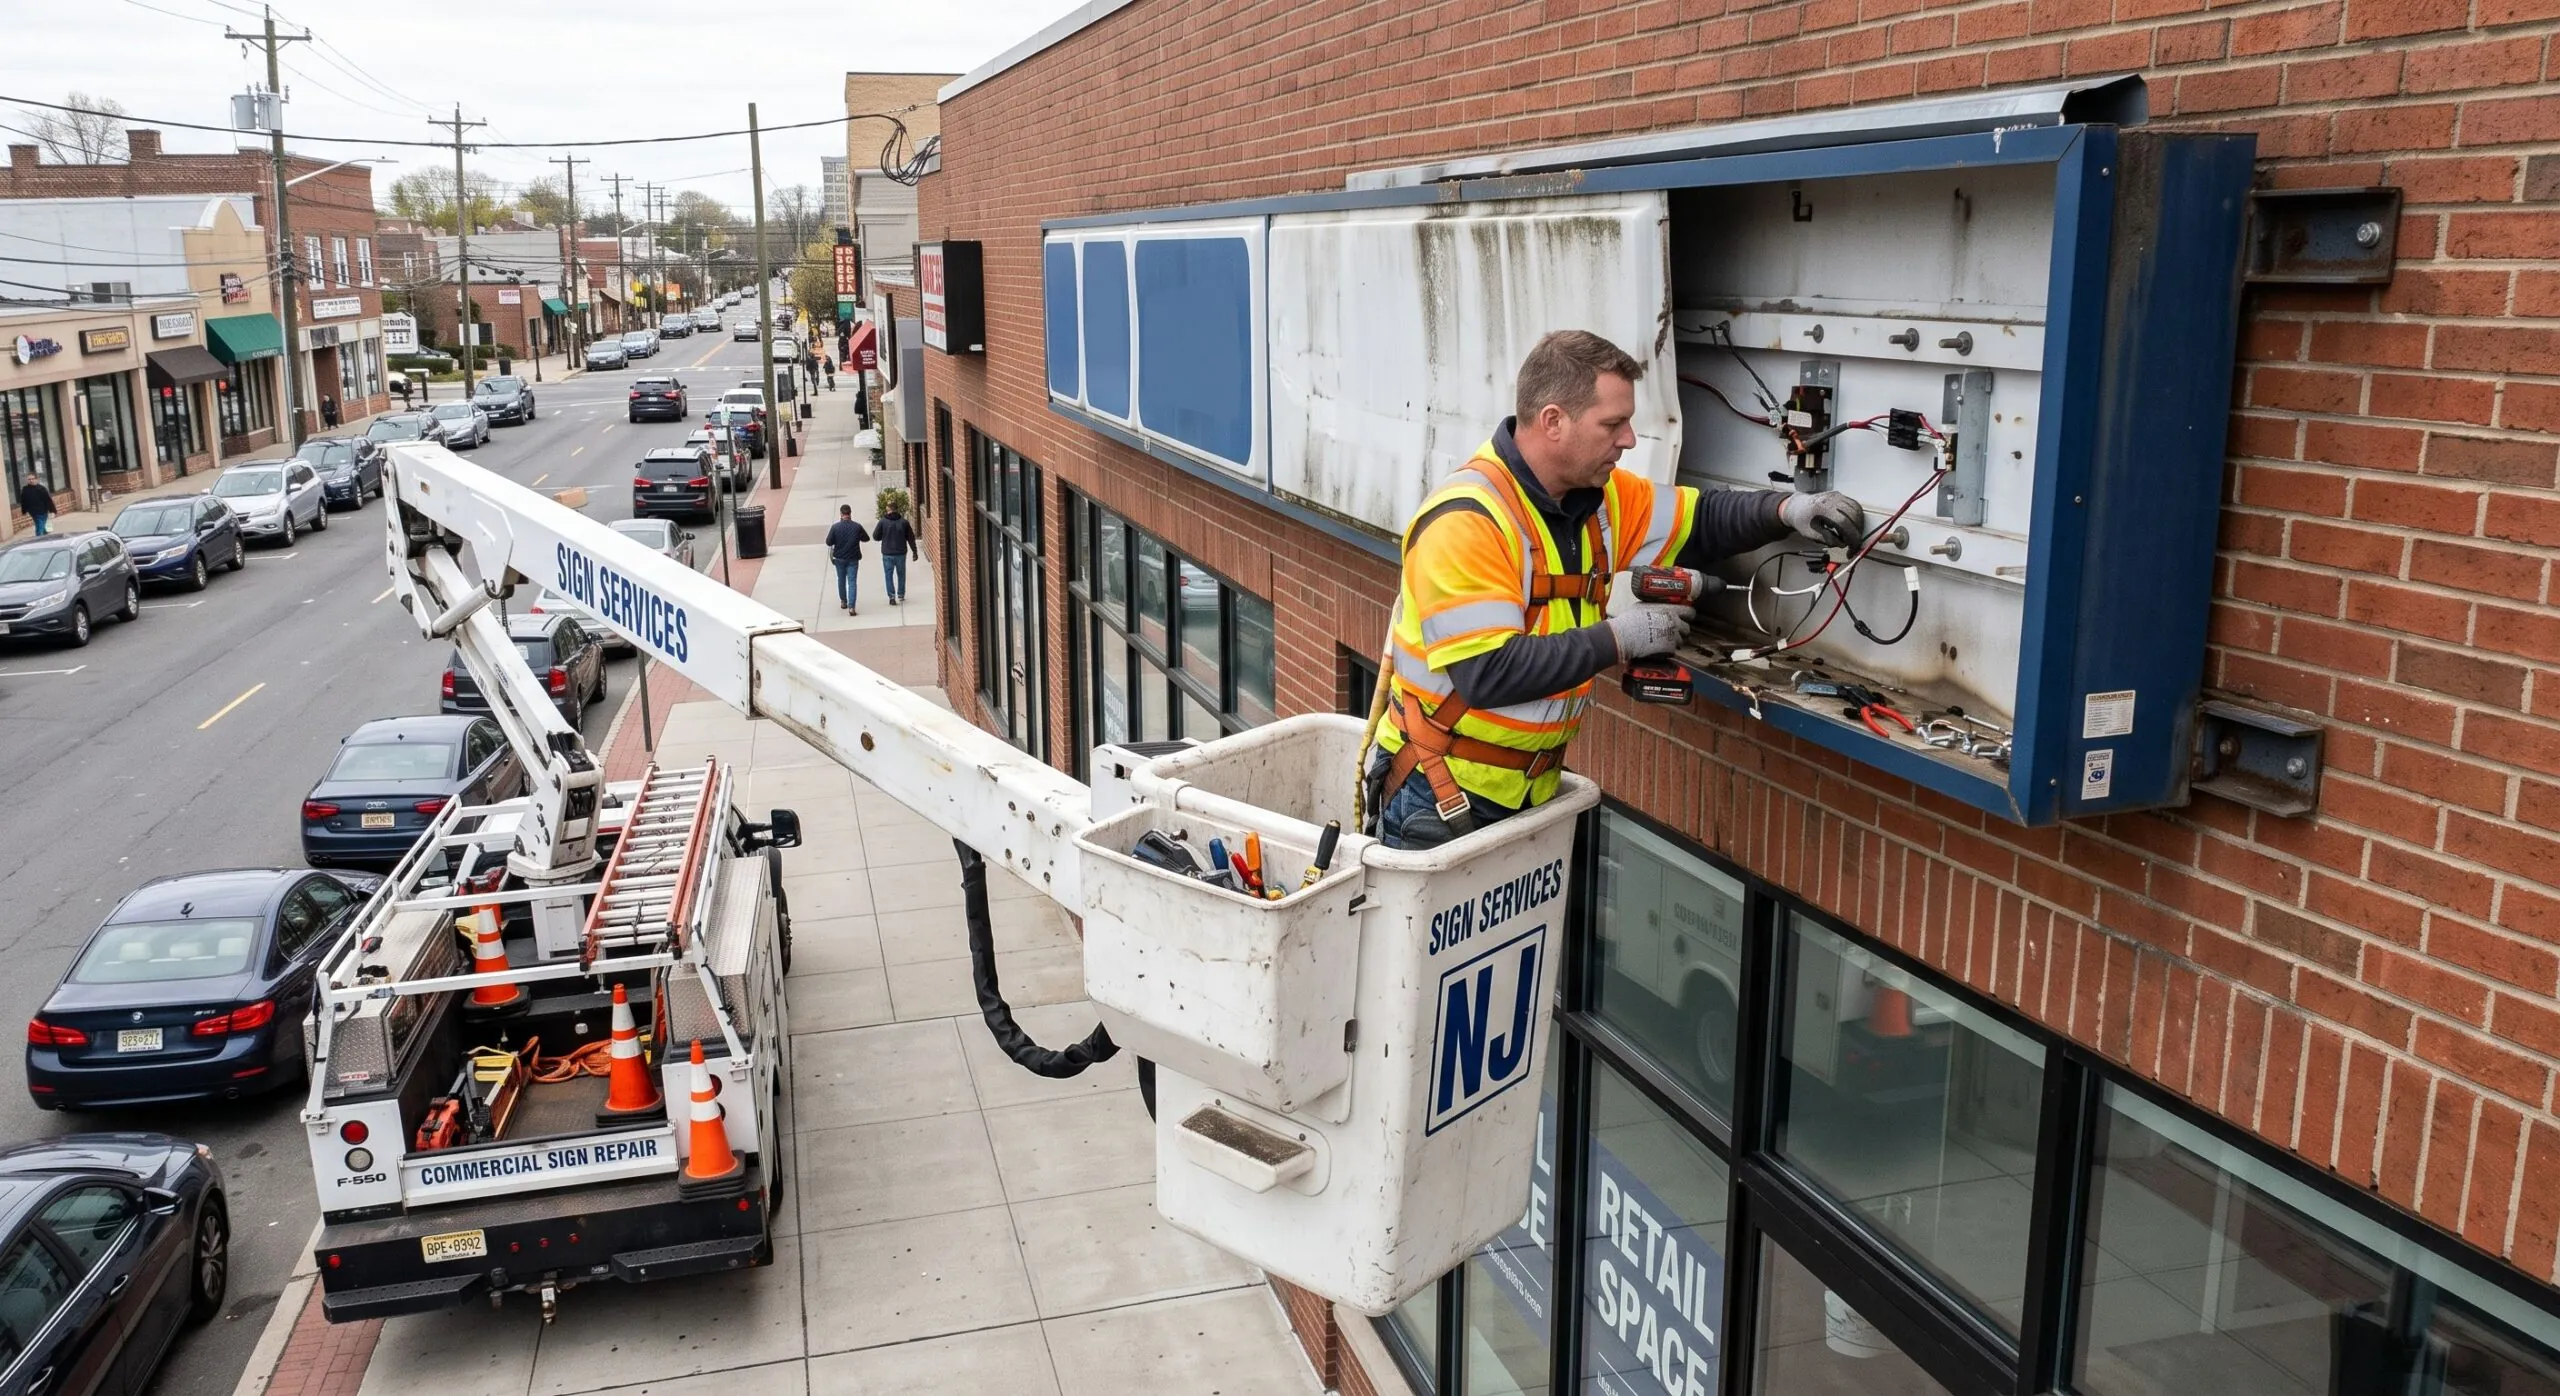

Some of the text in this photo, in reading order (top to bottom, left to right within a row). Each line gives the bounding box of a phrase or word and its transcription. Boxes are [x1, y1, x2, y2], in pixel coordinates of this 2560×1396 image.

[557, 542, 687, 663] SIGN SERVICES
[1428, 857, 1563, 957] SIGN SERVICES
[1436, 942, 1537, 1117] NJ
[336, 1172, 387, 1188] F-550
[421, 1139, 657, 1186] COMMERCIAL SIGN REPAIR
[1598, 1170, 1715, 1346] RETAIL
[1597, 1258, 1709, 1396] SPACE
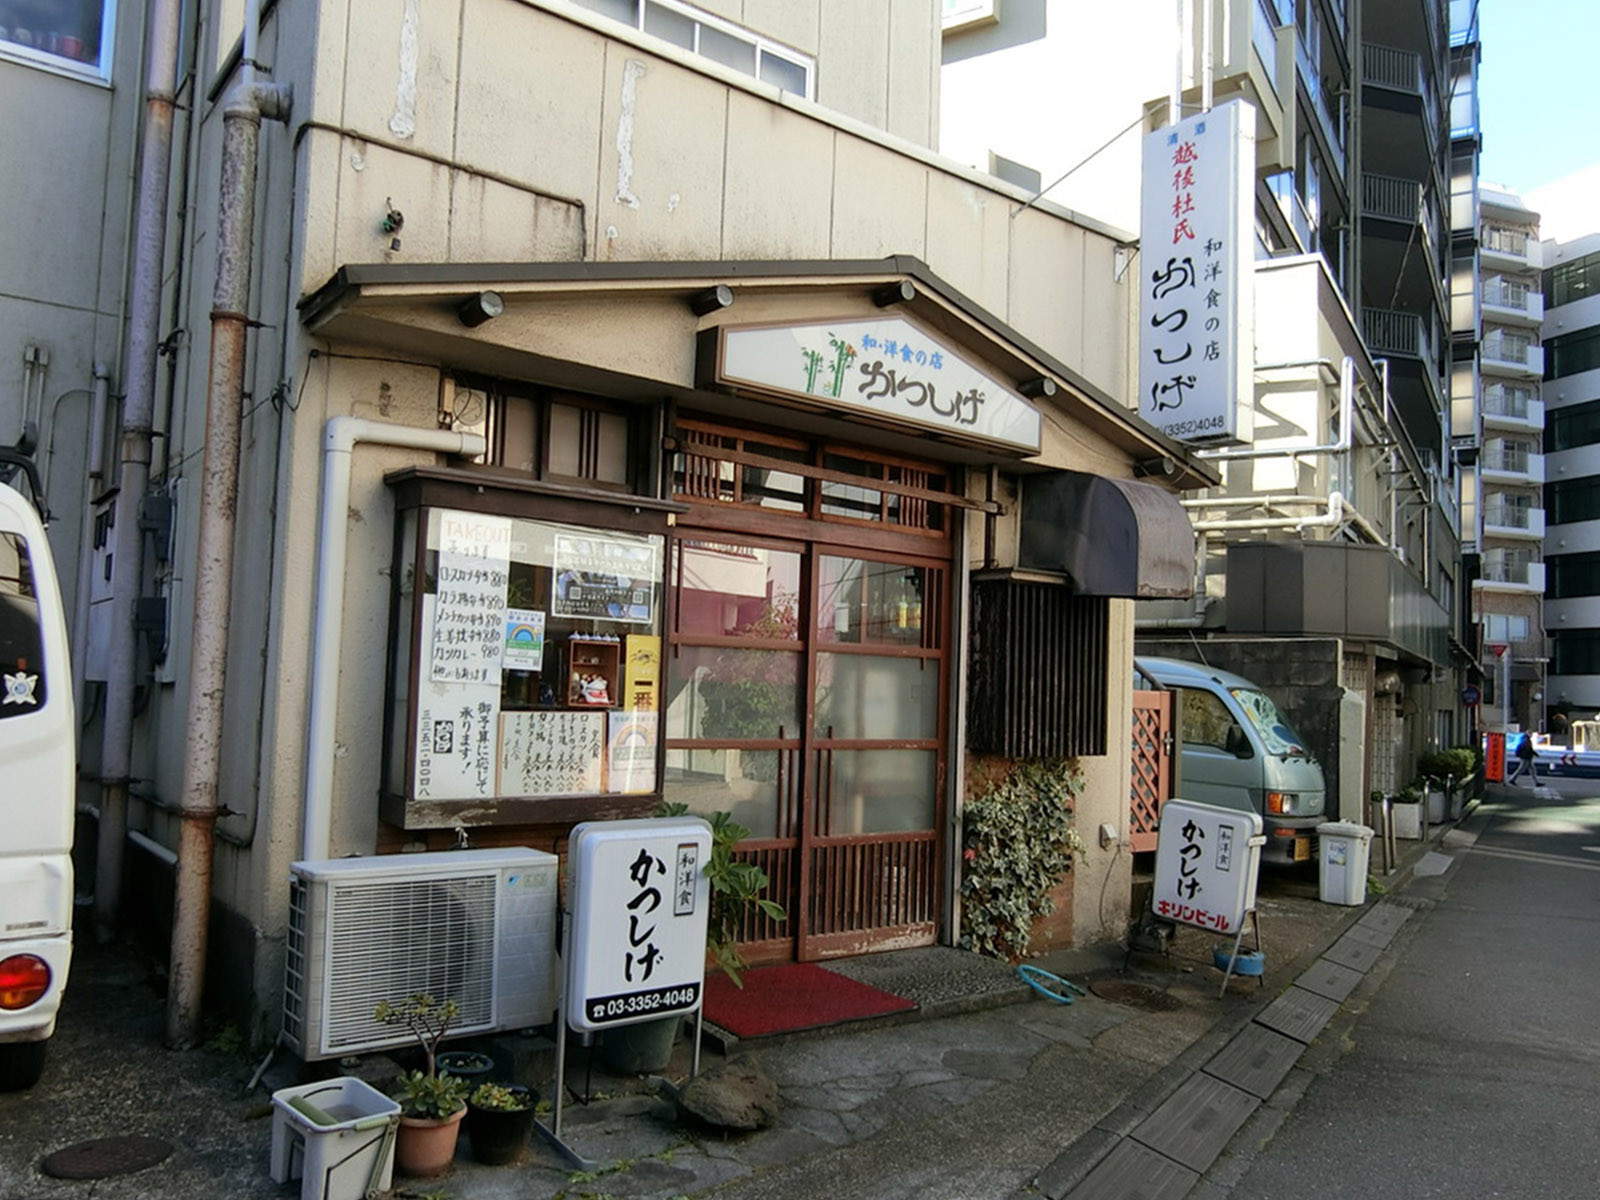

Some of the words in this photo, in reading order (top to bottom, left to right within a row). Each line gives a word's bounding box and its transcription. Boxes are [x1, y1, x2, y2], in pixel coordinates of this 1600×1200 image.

-- WHAT THE TASK ASKS --
Could you print the whole listing again, exactly, leaving the pictures out?

-- RESPONSE TO THIS TASK --
Some of the text in this photo, in reading order (top to bottom, left to right within a row). Each line gives the bounding box of a phrase or word and its transcription. Boxes are [x1, y1, x2, y2], in pixel coordinates of this 2560×1396 image.

[557, 542, 687, 663] SIGN SERVICES
[1428, 857, 1563, 957] SIGN SERVICES
[1436, 942, 1537, 1117] NJ
[336, 1172, 387, 1188] F-550
[421, 1139, 657, 1186] COMMERCIAL SIGN REPAIR
[1598, 1170, 1715, 1346] RETAIL
[1597, 1258, 1709, 1396] SPACE

Some of the words in this photo, in reading order (top to bottom, left to right within a row). Each line gives a word's bounding box and its transcription. Boxes are [x1, y1, x2, y2], in pixel coordinates of this 1600×1200 image.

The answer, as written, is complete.